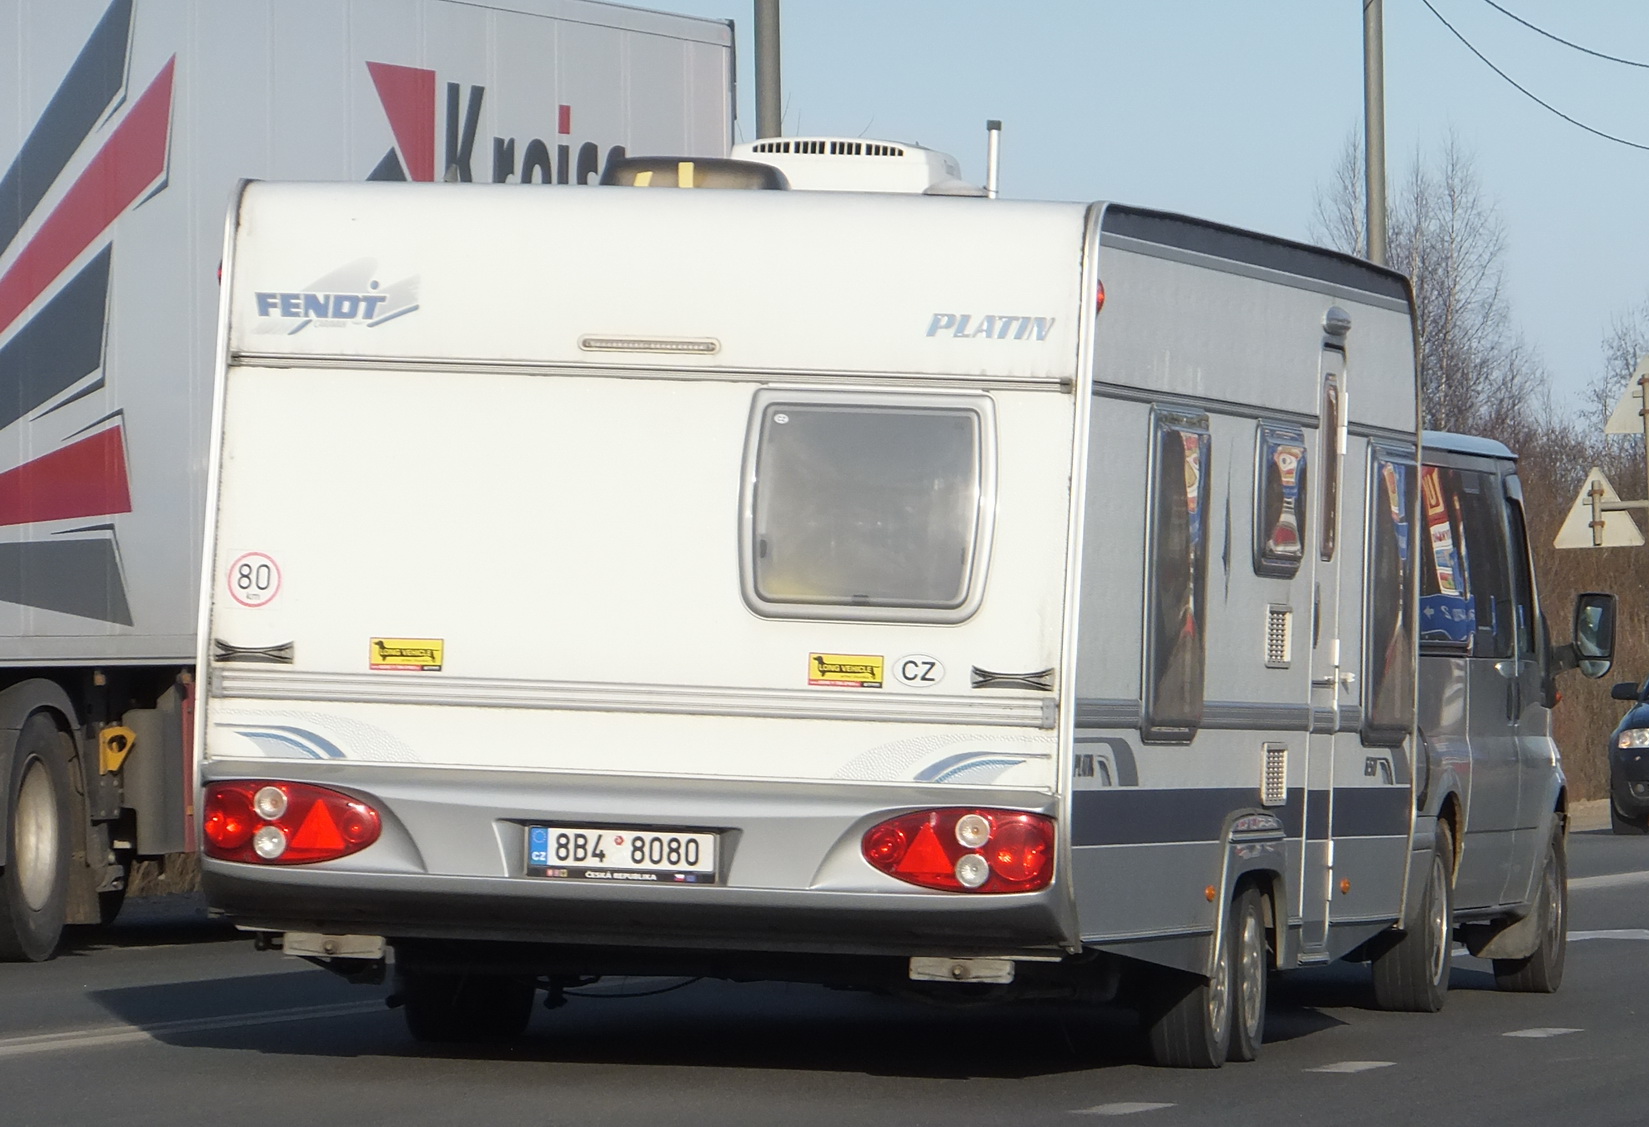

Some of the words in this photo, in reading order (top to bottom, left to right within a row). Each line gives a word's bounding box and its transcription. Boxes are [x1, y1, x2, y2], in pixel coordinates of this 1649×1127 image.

[255, 291, 387, 320] FENDT
[925, 312, 1056, 341] PLATIN
[238, 563, 271, 591] 80
[819, 663, 840, 672] LONG
[841, 665, 872, 673] VEHICLE
[902, 660, 936, 682] CZ
[531, 851, 547, 861] CZ
[555, 832, 606, 863] 8B4
[631, 836, 699, 866] 8080
[585, 870, 611, 880] ČESKÁ
[613, 872, 657, 882] REPUBLIKA
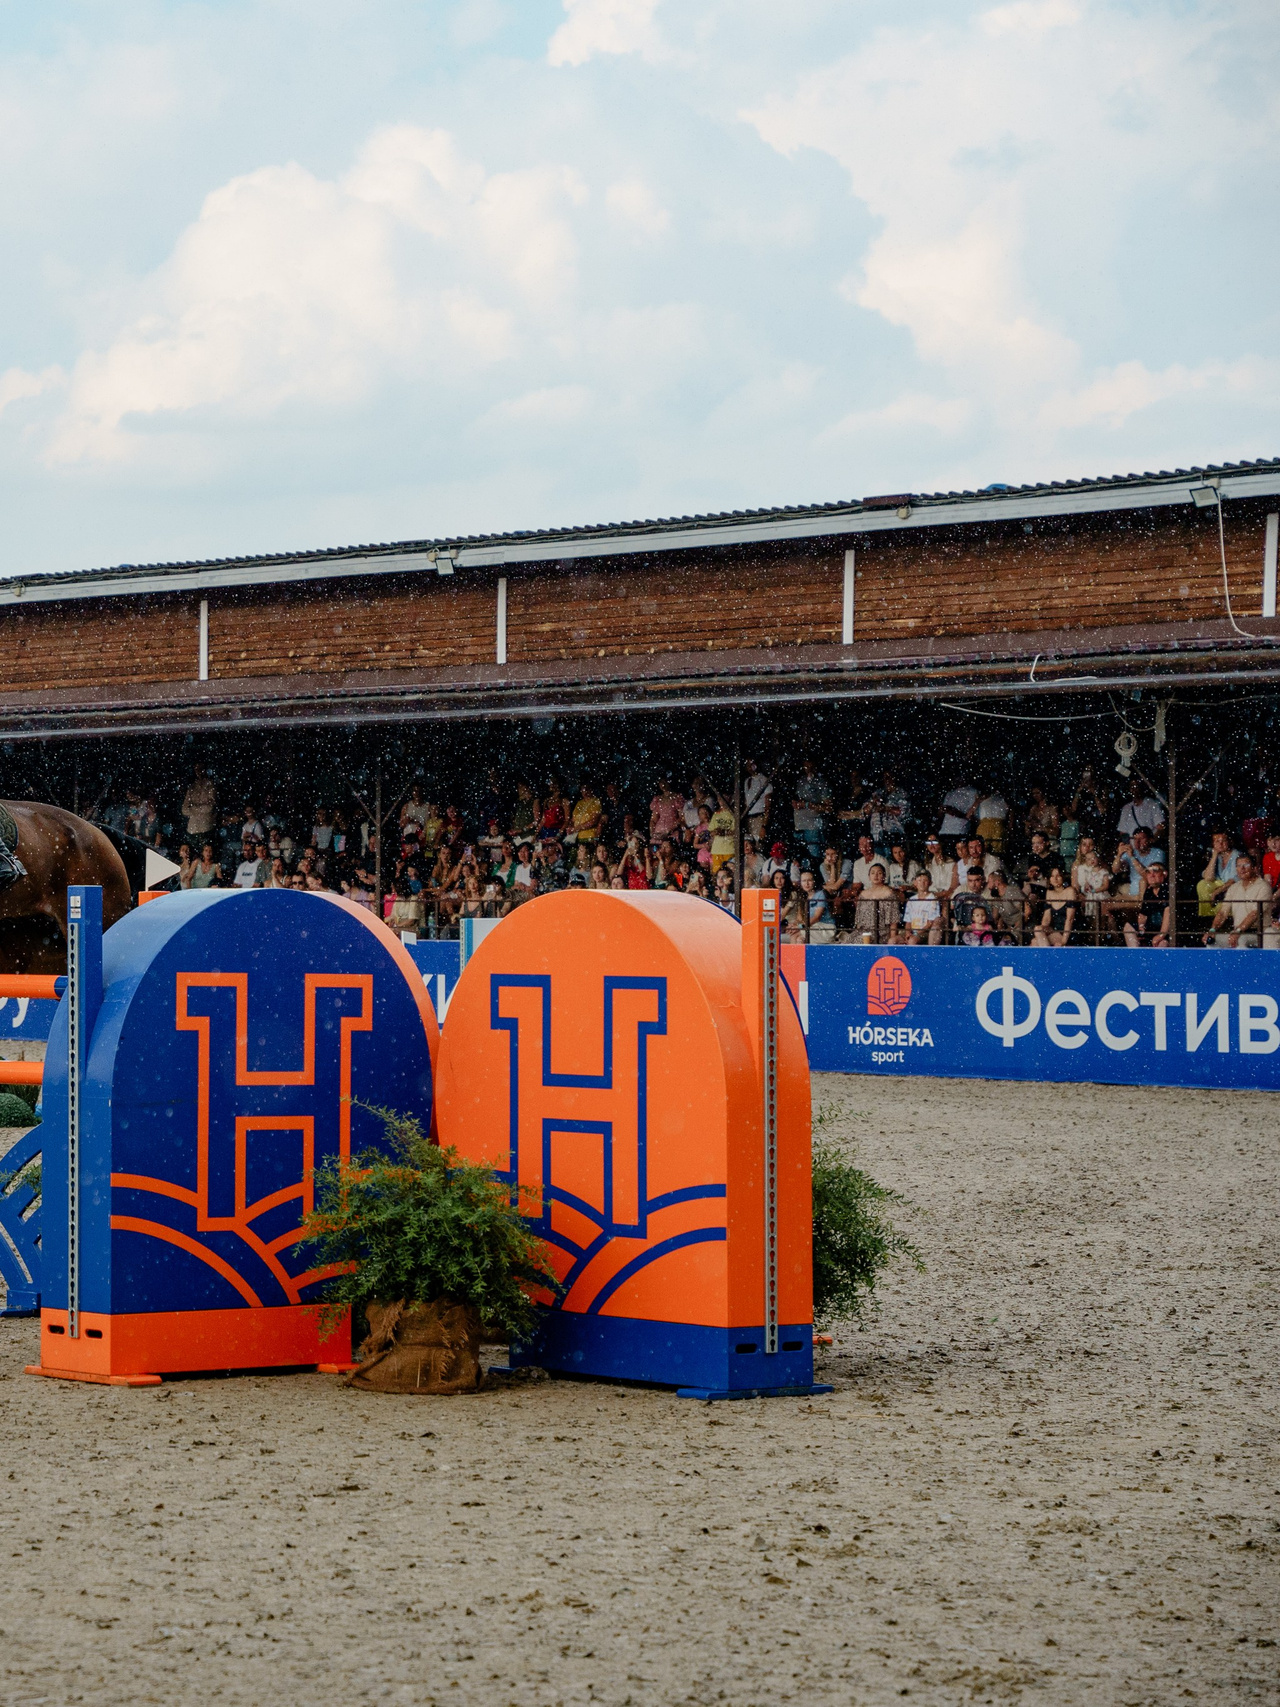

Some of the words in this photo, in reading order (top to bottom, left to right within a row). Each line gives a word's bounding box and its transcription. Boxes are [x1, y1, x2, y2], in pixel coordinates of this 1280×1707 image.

+++

» What the task asks:
Leave the pictures out and output all of the data verbatim.

» Response for this exercise:
Some of the words in this photo, in reading order (top to bottom, left to right within a row). Each line gives a word's bounding box and its transcription. Boxes are [x1, y1, x2, y2], in pixel coordinates of this 1649×1127 image.

[255, 291, 387, 320] FENDT
[925, 312, 1056, 341] PLATIN
[238, 563, 271, 591] 80
[819, 663, 840, 672] LONG
[841, 665, 872, 673] VEHICLE
[902, 660, 936, 682] CZ
[531, 851, 547, 861] CZ
[555, 832, 606, 863] 8B4
[631, 836, 699, 866] 8080
[585, 870, 611, 880] ČESKÁ
[613, 872, 657, 882] REPUBLIKA

Some of the words in this photo, in reading order (top to bottom, left to right within a row). Each line gives a word's bounding box and its transcription. Boxes are [x1, y1, x2, y2], in pixel coordinates of this 1280×1707 image.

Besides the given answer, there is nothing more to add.